In this article, we will learn how we can enable the account lockout group policy in windows servers as most of the companies do not compromise on their security and it becomes more important if the company in which you are working is providing financial services or keeping any other sensitive information.
It is recommended by every IT professional that no one should share their credentials with any other colleague so that no one can log into using other’s credentials and they also recommend to have a group policy which should lockout the user account for some specific time period after wrong password attempts.
Let’s suppose you are working in an organization as a system administrator and the stakeholders give you the task that the account of any user will get lockout if a user tries to log into the machine after some specific number of wrong credentials attempts. You can implement the account lockout policy according to the organization stakeholders need.
Let’s start with the process, log into the windows server as I will use windows server 2012 R2 as an example. Open the server manager and click on tools from the right top corner.

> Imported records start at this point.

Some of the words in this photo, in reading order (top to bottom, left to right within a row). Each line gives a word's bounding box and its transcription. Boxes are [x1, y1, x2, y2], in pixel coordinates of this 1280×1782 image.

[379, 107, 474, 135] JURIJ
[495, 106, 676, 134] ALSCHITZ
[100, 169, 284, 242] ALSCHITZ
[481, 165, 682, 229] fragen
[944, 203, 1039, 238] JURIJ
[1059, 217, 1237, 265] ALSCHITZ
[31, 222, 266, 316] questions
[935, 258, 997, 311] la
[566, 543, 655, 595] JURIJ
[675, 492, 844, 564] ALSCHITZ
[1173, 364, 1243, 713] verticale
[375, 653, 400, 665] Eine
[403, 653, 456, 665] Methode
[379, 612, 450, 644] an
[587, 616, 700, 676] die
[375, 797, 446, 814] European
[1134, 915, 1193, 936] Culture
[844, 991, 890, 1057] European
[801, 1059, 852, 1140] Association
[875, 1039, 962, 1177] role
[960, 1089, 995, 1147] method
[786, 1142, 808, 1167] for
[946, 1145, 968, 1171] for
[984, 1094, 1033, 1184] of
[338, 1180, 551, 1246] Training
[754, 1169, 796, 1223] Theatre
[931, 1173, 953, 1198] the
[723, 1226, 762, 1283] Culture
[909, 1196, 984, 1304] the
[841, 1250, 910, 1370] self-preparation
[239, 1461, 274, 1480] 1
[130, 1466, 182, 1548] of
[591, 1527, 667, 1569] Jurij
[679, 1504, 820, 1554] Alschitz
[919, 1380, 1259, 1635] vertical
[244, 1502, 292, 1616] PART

Scroll downs and select group policy management as it will open up a new windows console.
Expand your domain as in this case it is “UsamaZaka.local”, right-click on default domain policy and click on first option “edit”

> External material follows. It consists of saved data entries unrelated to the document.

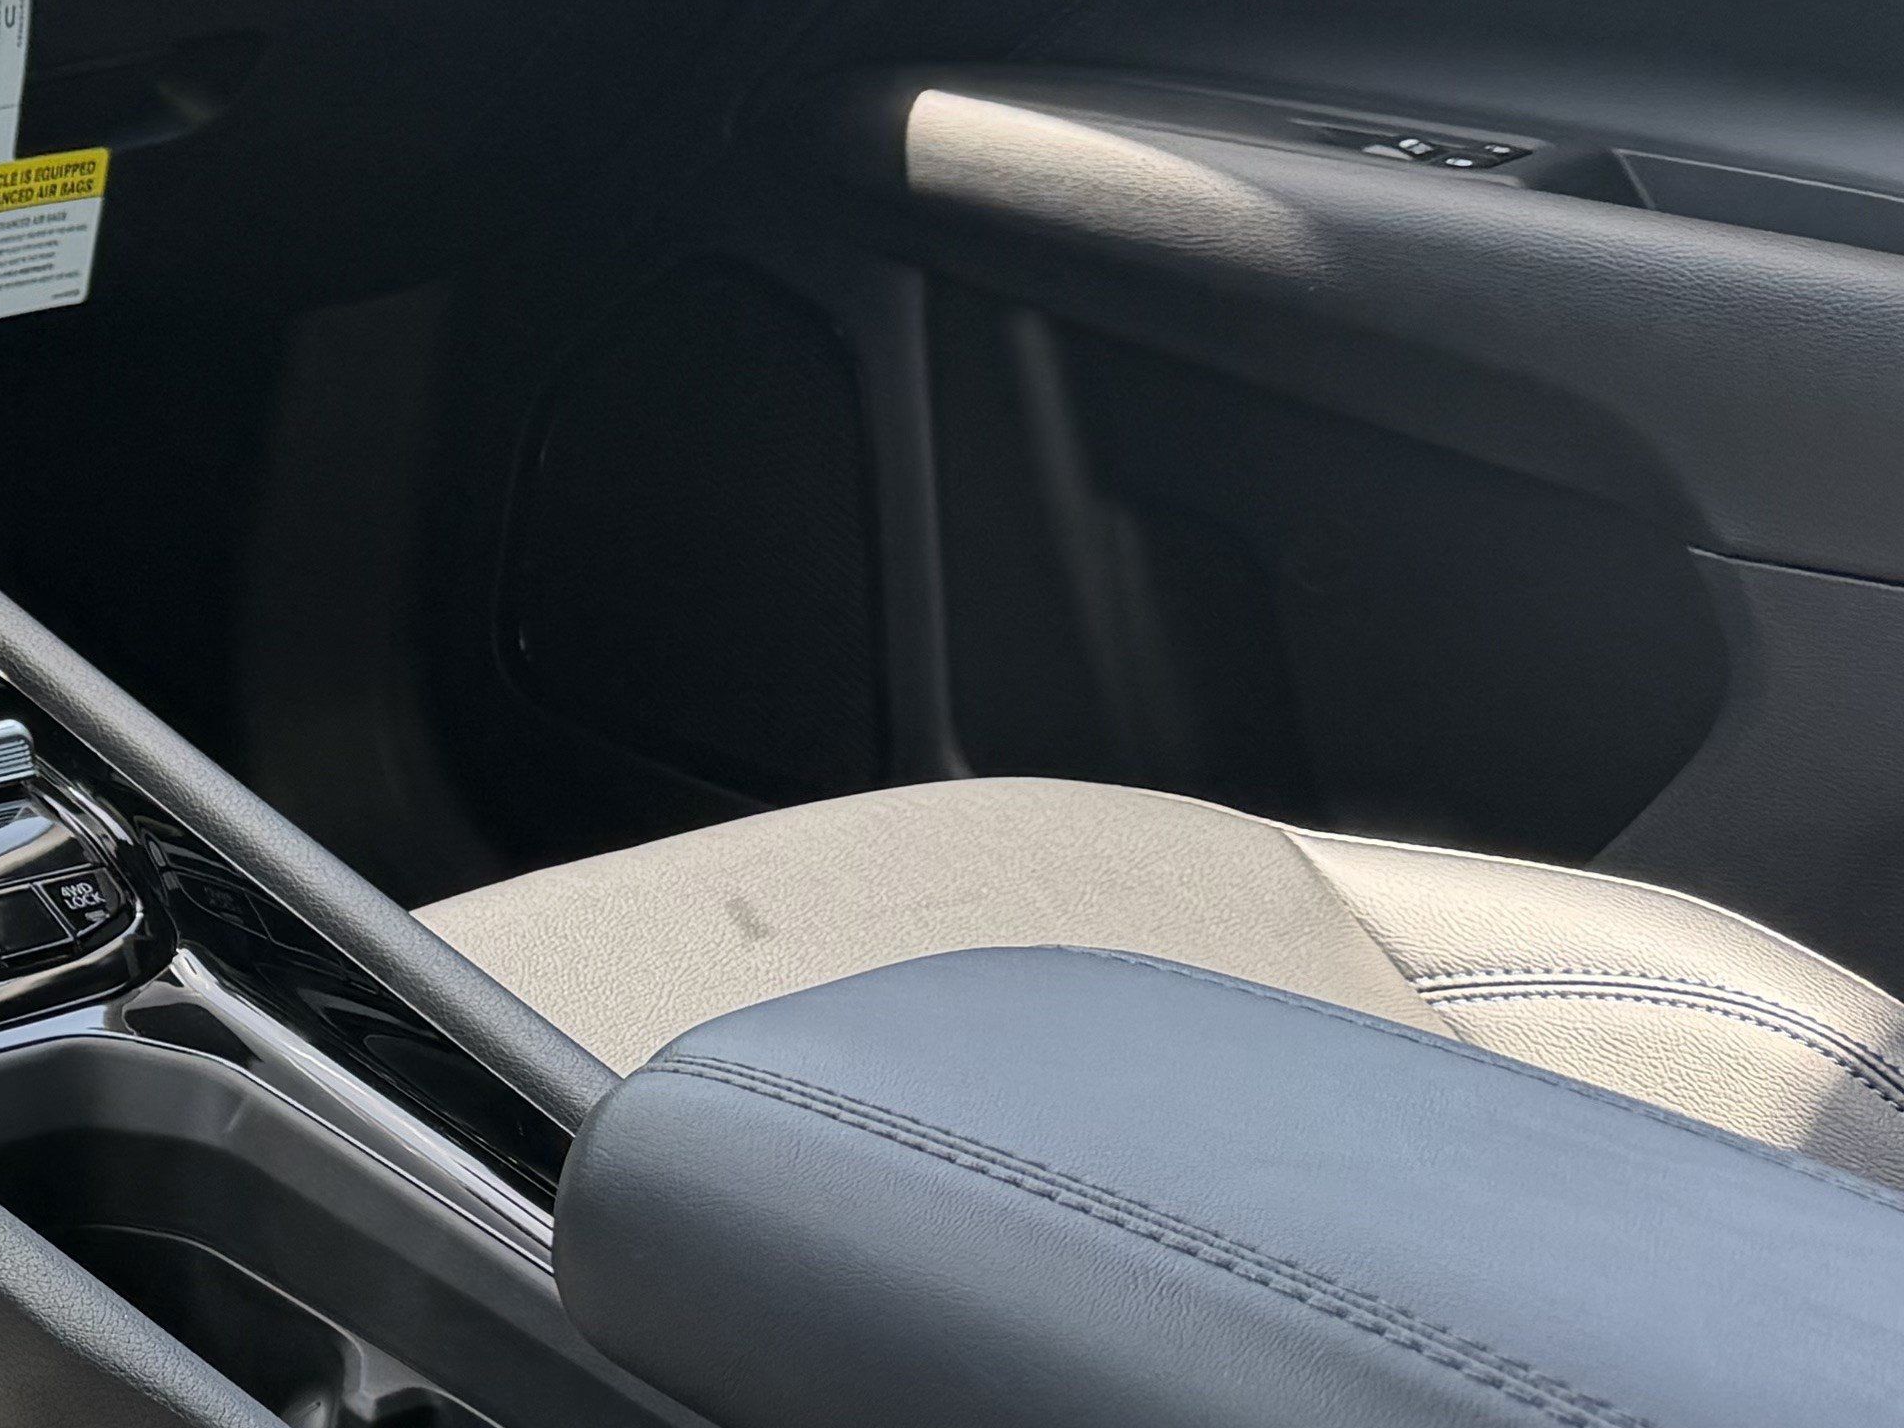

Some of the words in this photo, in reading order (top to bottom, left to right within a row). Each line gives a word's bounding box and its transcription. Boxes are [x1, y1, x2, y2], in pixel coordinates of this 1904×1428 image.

[20, 168, 32, 184] IS
[34, 161, 96, 183] EQUIPPED
[38, 182, 58, 200] AIR
[60, 178, 94, 197] BAGS
[61, 882, 93, 897] 4WD
[64, 892, 107, 910] LOCK

Once the group policy management editor window is opened, expand computer configuration and then expand policies.
Under policies expand windows settings and then double click on security settings.
Expand the account policies to see the different options for account policy.
Click on account lockout policy and we get three different policies.
Let’s say we want to keep the account remain lockout for 30 minutes after the wrong password attempts so click on “Account lockout duration” and it will open up a windows pop up.
Select the checkbox and then enter “30” value in minutes.
Click apply and another window will pop up which will let you know the effects of policy.
Click “Ok” and then again click “Ok”, it will bring you to the account lockout policy windows.
Double click on “Account lockout threshold” to set the number of invalid login attempts before an account is locked out. Let’s say we want to lock the account after 5 wrong password attempts to enter the value “5” in invalid login attempts
This is how you can enable the account lockout policy in any windows server.